Following a week of federal agents accosting Black Lives Matter protesters in Portland, Ore., on July 20, 2020, President Trump threatened to do the same in Baltimore, Chicago, Detroit, New York City, Oakland, and Philadelphia—all cities with high populations of people of color. The next day he expanded his threats to include Albuquerque, Cleveland, and Milwaukee.

Trump moved on July 21, 2020 to bar the Census from counting undocumented immigrants.

That same day, the Washington Post reported that a forthcoming book by former Trump lawyer Michael Cohen includes allegations that Trump used racist slurs to describe both Barack Obama and Nelson Mandela.  

Reports emerged on July 22, 2020 that Woody Johnson, Trump’s ambassador to the United Kingdom, was under investigation by the State Department inspector general for racist and sexist comments on the job. 
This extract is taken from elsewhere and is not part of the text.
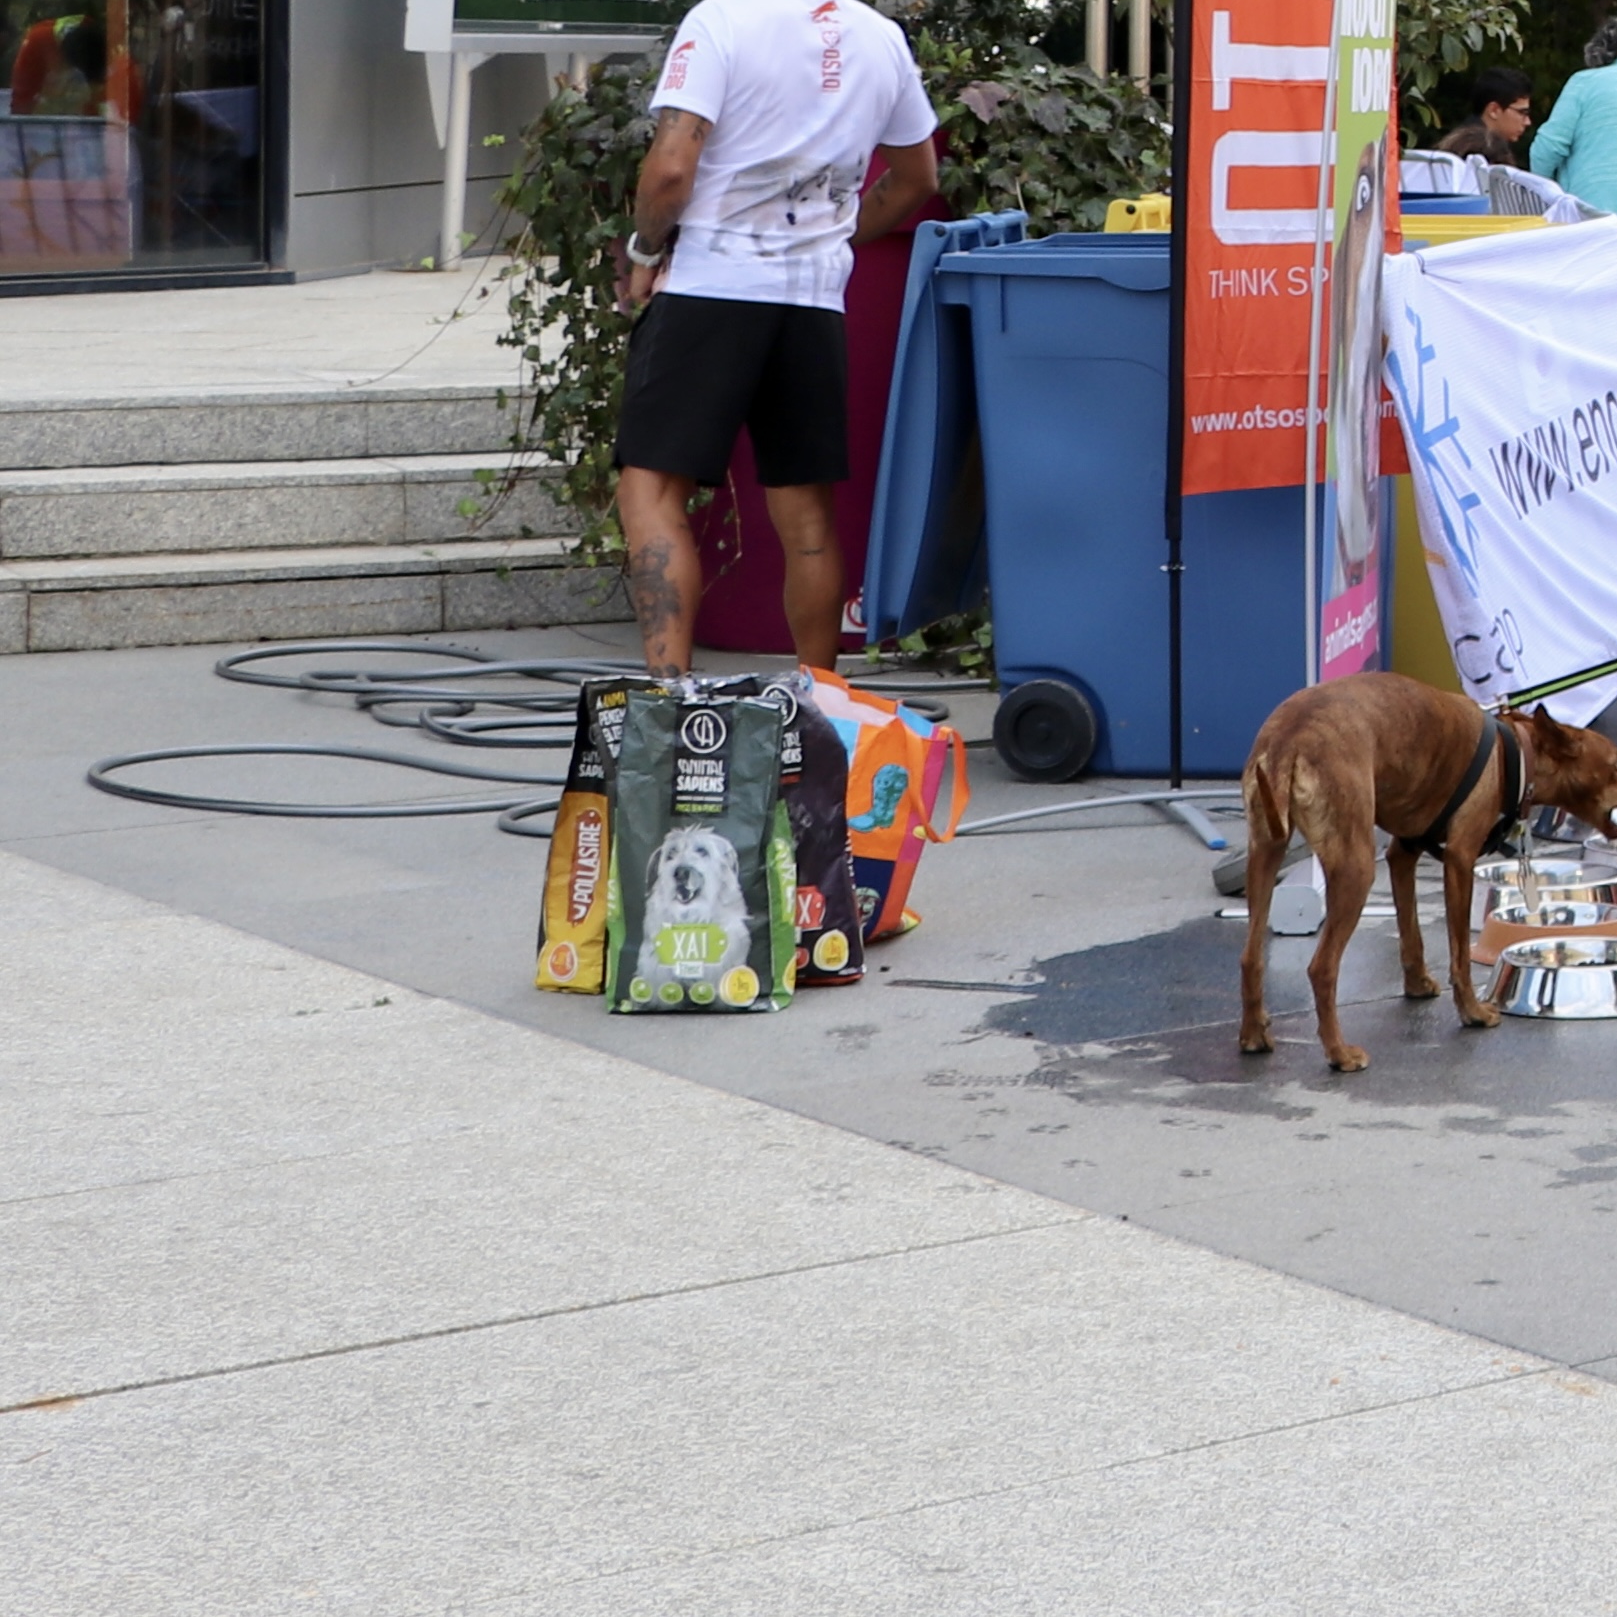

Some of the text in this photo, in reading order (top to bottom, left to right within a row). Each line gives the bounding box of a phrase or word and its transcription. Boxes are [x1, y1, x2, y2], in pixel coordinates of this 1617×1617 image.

[1208, 267, 1280, 299] THINK
[676, 775, 725, 793] SAPIENS
[672, 931, 708, 960] XAI
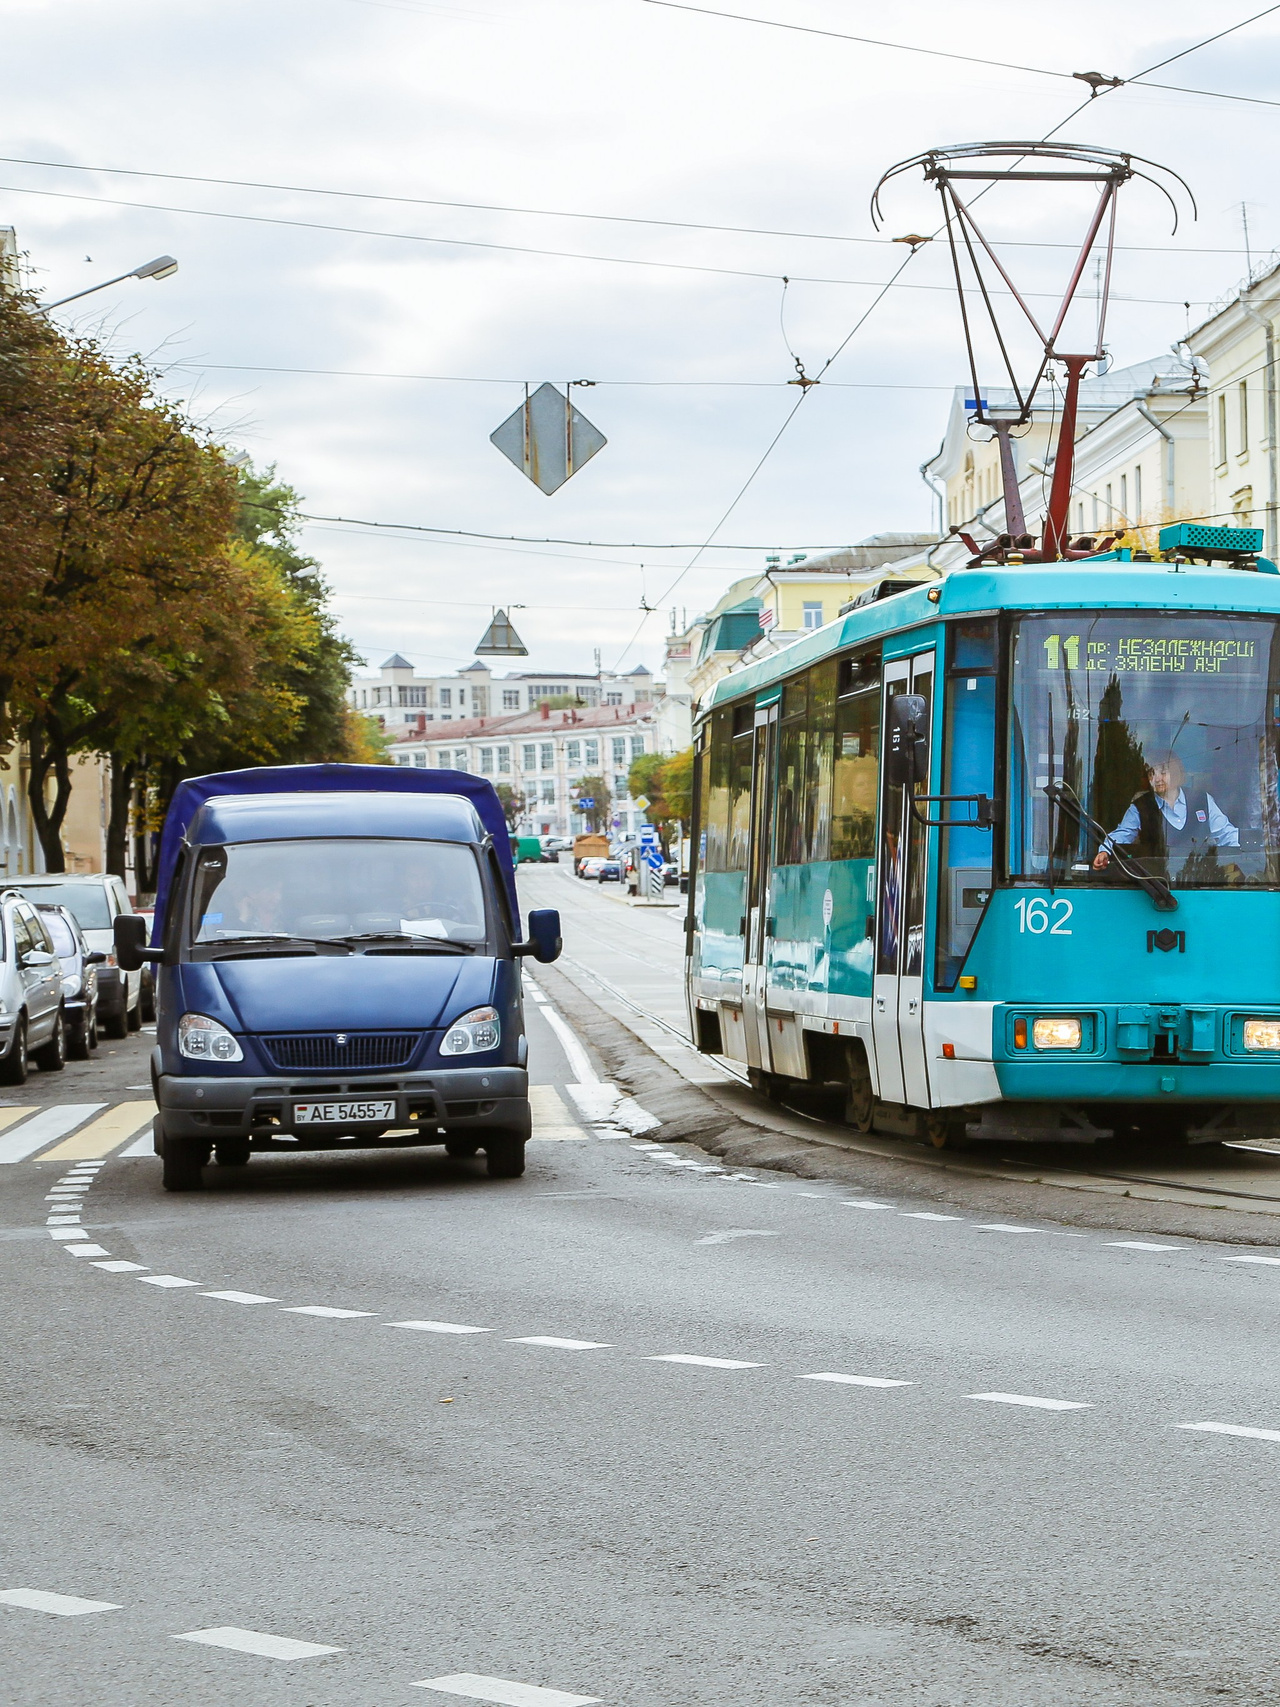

The administration announced plans on July 23, 2020 to scrap the Affirmatively Furthering Fair Housing rule implemented by President Obama to address housing discrimination. In the announcement, Housing and Urban Development Secretary Ben Carson called the policy “unworkable and ultimately a waste of time.”

White nationalist Earl Holt III made a $1,000 contribution to a pro-Trump Super PAC, NPR reported on July 25, 2020. Holt’s racist internet activity was cited by Dylann Roof, the white man who massacred nine Black parishioners at Emanuel African Methodist Episcopal Church in June of 2015. The Super PAC, The Committee to Defend the President, hastened to return the contribution following NPR’s inquiry.